Permalink
Fetching contributors…
Cannot retrieve contributors at this time
36 lines (30 sloc) 1.65 KB

Python 2 versus Python 3

.. currentmodule:: patsy

The biggest difference between Python 2 and Python 3 is in their string handling, and this is particularly relevant to Patsy since it parses user input. We follow a simple rule: input to Patsy should always be of type str. That means that on Python 2, you should pass byte-strings (not unicode), and on Python 3, you should pass unicode strings (not byte-strings). Similarly, when Patsy passes text back (e.g. :attr:`DesignInfo.column_names`), it's always in the form of a str.

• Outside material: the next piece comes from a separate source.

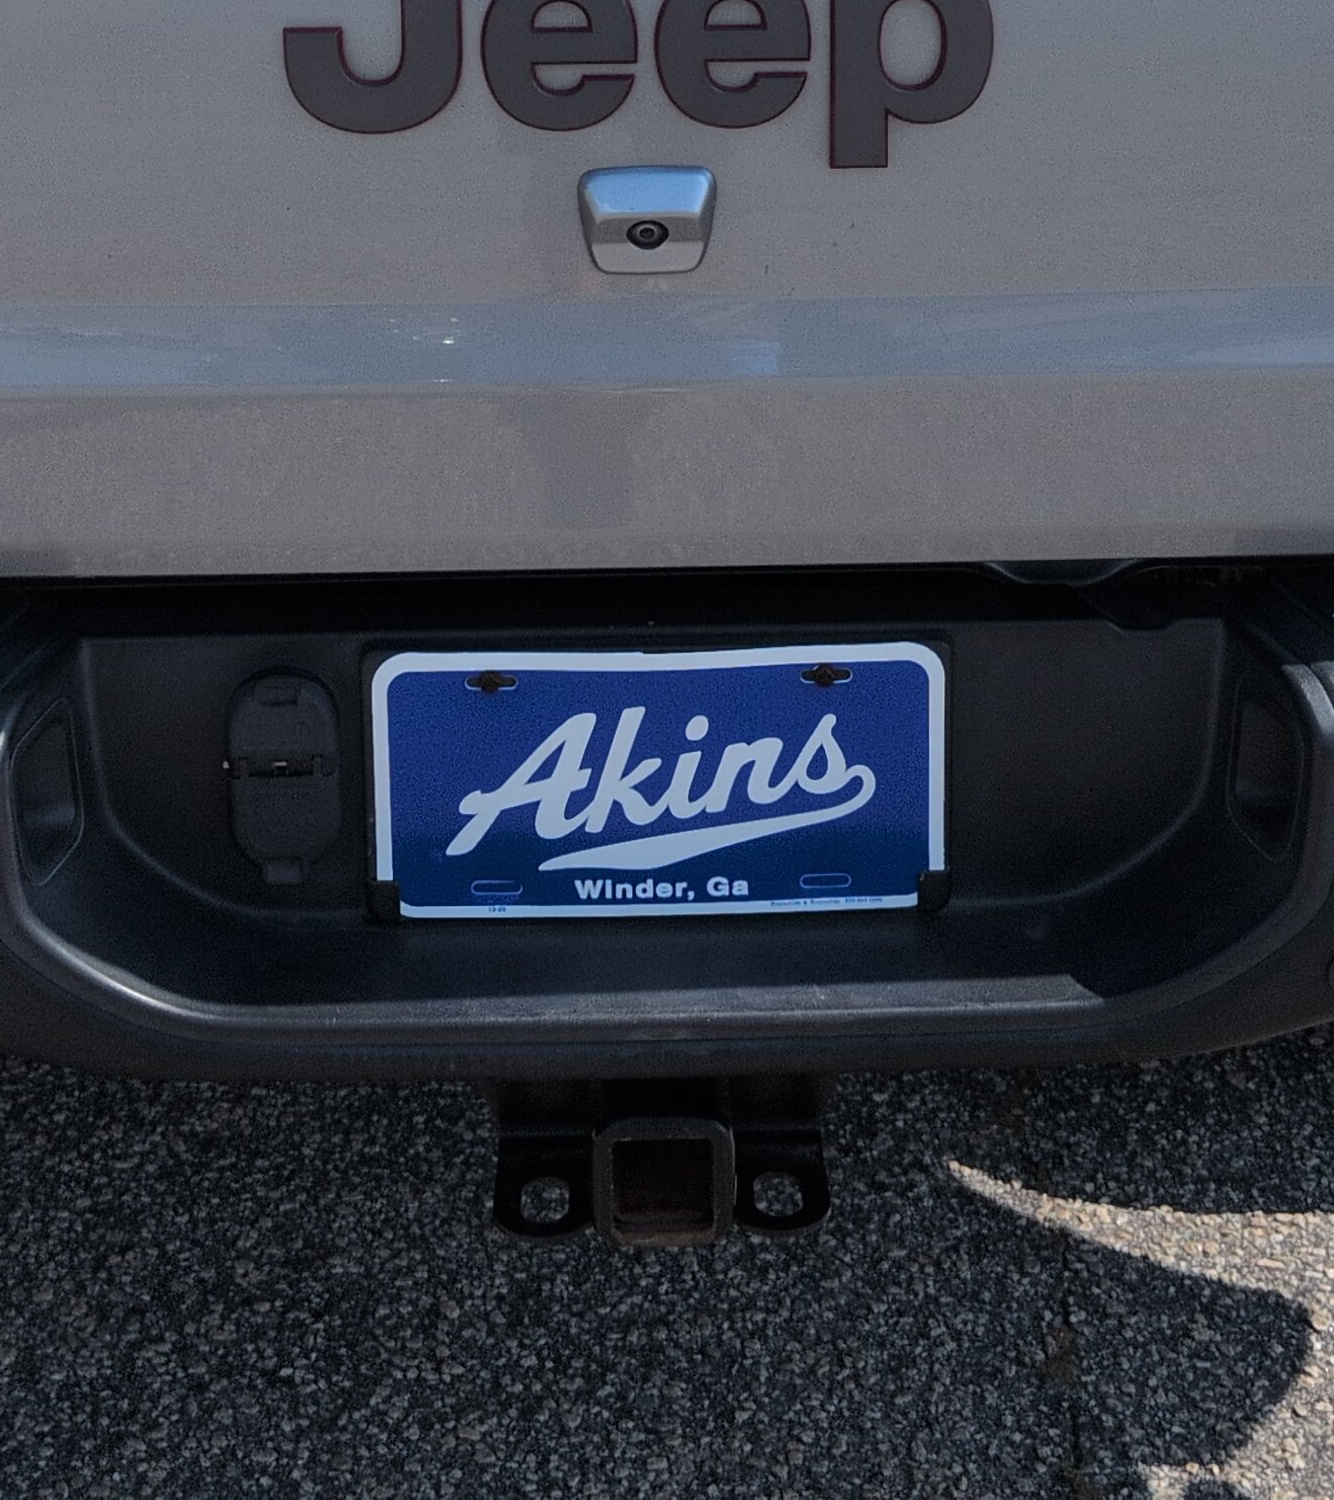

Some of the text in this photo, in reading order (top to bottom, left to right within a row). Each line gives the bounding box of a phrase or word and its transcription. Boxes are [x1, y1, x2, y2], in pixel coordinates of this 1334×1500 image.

In addition to this being the most convenient for users (you never need to use any b"weird" u"prefixes" when writing a formula string), it's actually a necessary consequence of a deeper change in the Python language: in Python 2, Python code itself is represented as byte-strings, and that's the only form of input accepted by the :mod:`tokenize` module. On the other hand, Python 3's tokenizer and parser use unicode, and since Patsy processes Python code, it has to follow suit.

There is one exception to this rule: on Python 2, as a convenience for those using from __future__ import unicode_literals, the high-level API functions :func:`dmatrix`, :func:`dmatrices`, :func:`incr_dbuilders`, and :func:`incr_dbuilder` do accept unicode strings -- BUT these unicode string objects are still required to contain only ASCII characters; if they contain any non-ASCII characters then an error will be raised. If you really need non-ASCII in your formulas, then you should consider upgrading to Python 3. Low-level APIs like :meth:`ModelDesc.from_formula` continue to insist on str objects only.